> INSTRUCTIONS TO FOLLOW: All of the entries need to be printed again exactly; pictures are the only thing to omit.

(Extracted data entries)
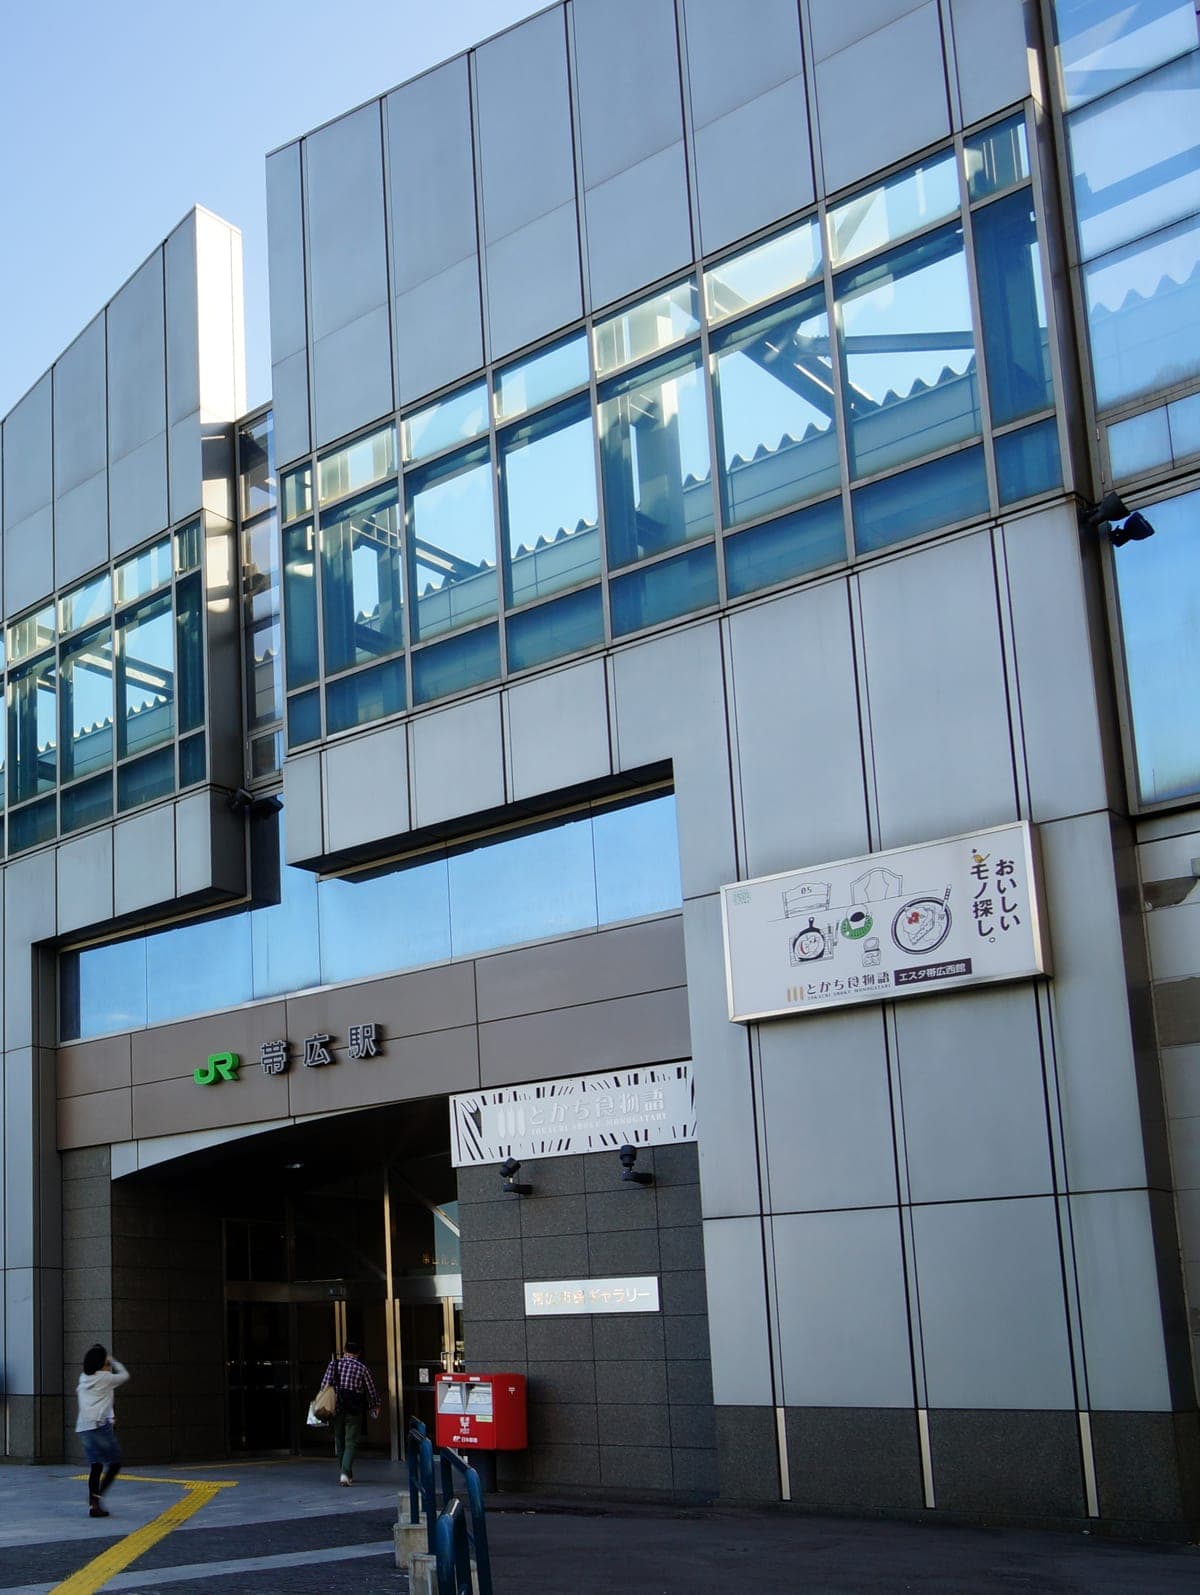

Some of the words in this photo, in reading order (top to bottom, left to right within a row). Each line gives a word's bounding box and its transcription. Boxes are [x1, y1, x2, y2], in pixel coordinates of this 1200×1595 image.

[970, 863, 996, 943] モノ探し。
[995, 859, 1021, 931] おいしい
[807, 971, 890, 995] とかち食物語
[899, 963, 967, 982] エスタ帯広西館
[194, 1052, 240, 1085] JR
[261, 1022, 385, 1075] 帯広駅
[530, 1088, 664, 1125] とかち食物語
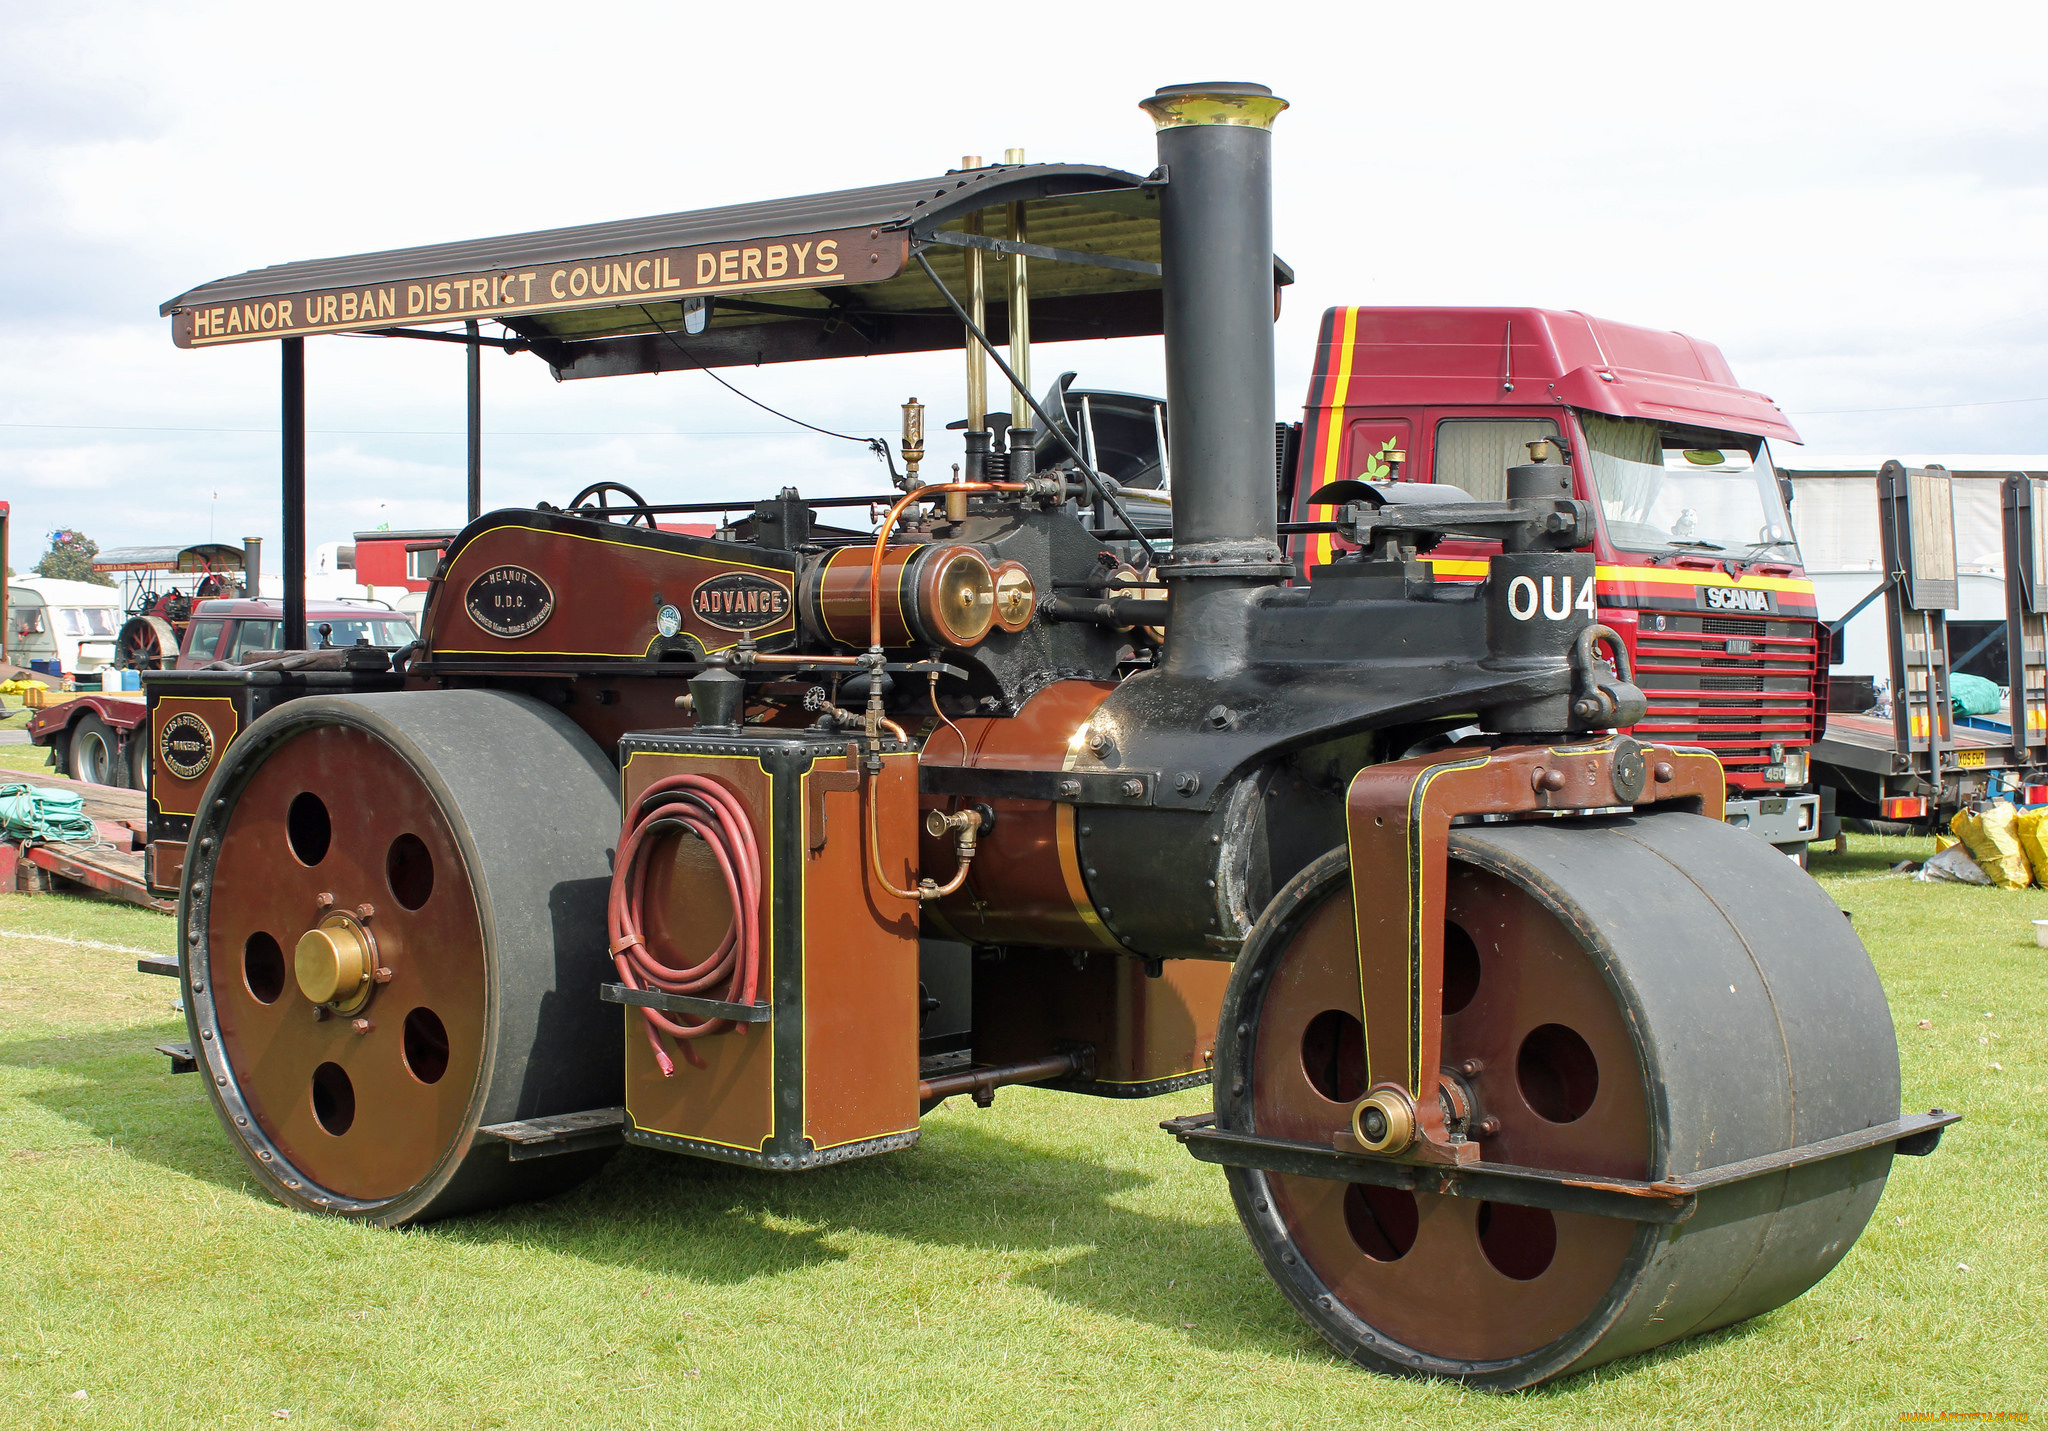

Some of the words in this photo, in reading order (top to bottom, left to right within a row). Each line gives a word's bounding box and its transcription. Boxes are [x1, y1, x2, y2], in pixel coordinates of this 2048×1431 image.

> ANSWER TO THIS TASK:
Some of the words in this photo, in reading order (top to bottom, left to right within a row). Each line gives a word's bounding box and its transcription. Boxes are [x1, y1, x2, y2], in pixel coordinates of this 1200×1595 image.

[970, 863, 996, 943] モノ探し。
[995, 859, 1021, 931] おいしい
[807, 971, 890, 995] とかち食物語
[899, 963, 967, 982] エスタ帯広西館
[194, 1052, 240, 1085] JR
[261, 1022, 385, 1075] 帯広駅
[530, 1088, 664, 1125] とかち食物語

Some of the words in this photo, in reading order (top to bottom, left to right within a row). Each line gives a word's bounding box and its transcription. Boxes are [x1, y1, x2, y2], in pixel coordinates of this 2048×1431 image.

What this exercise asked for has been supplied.